Additional Research Activities
Transforming growth factor-beta and bone morphogenetic protein signalling: I was the first to discover that ovarian cancer cells possess intact bone morphogenetic protein (BMP) signalling that functions to promote cell spreading via cell-substratum adhesion [Shepherd and Nachtigal (2003) Endocrinology] as well as to upregulate the ID1 and ID3 proto-oncogene overexpression observed in ovarian tumours [Shepherd et al. (2008) Gene]. As an independent investigator, I have extended this work to show that BMP signalling was downregulated during spheroid formation to promote cell aggregation, and that ectopic expression of a constitutively-active BMP type I receptor negatively impacts spheroid formation [Peart et al. (2012) Clin Exp Metastasis].

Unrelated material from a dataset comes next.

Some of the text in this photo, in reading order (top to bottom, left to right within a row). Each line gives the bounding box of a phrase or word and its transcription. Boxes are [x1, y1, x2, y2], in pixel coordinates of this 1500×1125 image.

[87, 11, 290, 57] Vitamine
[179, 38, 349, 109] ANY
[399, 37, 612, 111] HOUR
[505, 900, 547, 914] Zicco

Tumour spheroids as a model system for discovery research: An essential component of my laboratory’s research was the development and use of an in vitro experimentally-tractable model system that mimics ovarian cancer metastasis. I have developed a rapid, easy and reproducible cell culture system to establish spheroids in liquid suspension, where they can be visualized microscopically, treated with pharmacologic agents or viral vectors, and subsequently transferred to adherent culture as a model of secondary tumour formation.

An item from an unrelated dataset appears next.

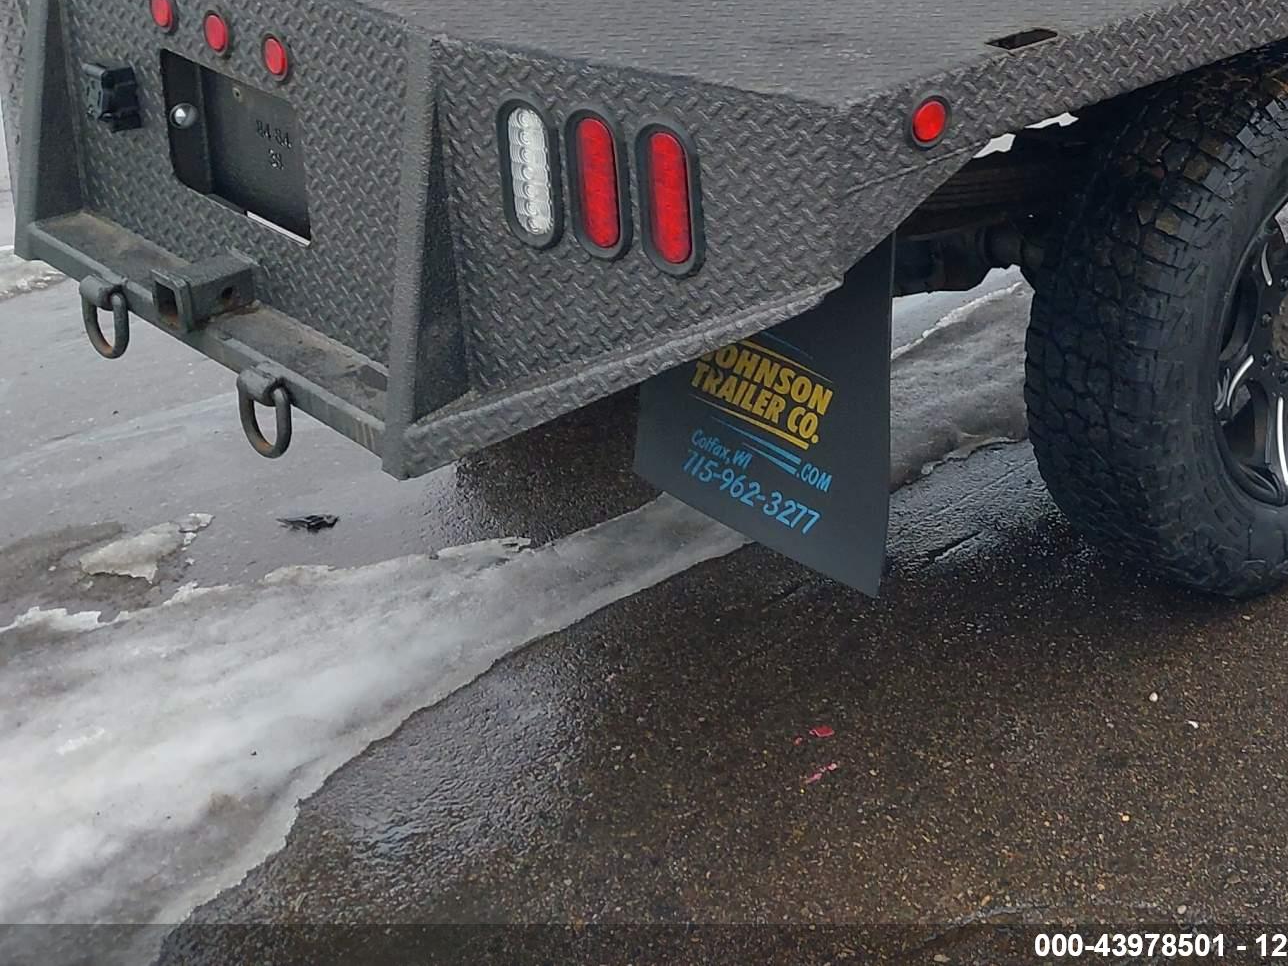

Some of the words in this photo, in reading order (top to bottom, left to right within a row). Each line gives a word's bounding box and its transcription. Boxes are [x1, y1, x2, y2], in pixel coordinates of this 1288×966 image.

[691, 361, 787, 424] TRAILER
[787, 406, 820, 444] CO.
[683, 449, 821, 534] 715-962-3277
[796, 463, 833, 492] .COM

Oncolytic viruses: A secondary objective for our spheroid culture system of ovarian cancer metastasis, particularly with ascites-derived clinical specimens, is to directly test the efficacy of novel therapeutics.
Publications:
Trevor Shepherd obtained his undergraduate degree from The University of Western Ontario Honours Genetics Program in 1995 before going on to perform graduate studies with Dr. John Hassell at McMaster University. For his PhD, he studied the function of the PEA3 subfamily of Ets transcription factors in breast cancer using transgenic mouse models in collaboration with Dr. Bill Muller. After completing his PhD degree in 2002, he switched to studying ovarian cancer with Dr. Mark Nachtigal at Dalhousie University where he initiated his work with patient-derived primary cell culture techniques. He was recruited back to Southwestern Ontario in 2007 as an Assistant Professor in Ob/Gyn, Oncology and Anatomy & Cell Biology at Western University and a Translational Oncology Scientist at the London Regional Cancer Program. His work over the last several years has focused on developing an in vitro model of ovarian cancer metastasis to investigate altered pathobiology and how these malignant changes can be targeted therapeutically. His work has been supported by the US DOD, CRS, and CCSRI, and he currently holds a CIHR grant to investigate stress metabolism signalling in ovarian cancer metastasis and tumour dormancy.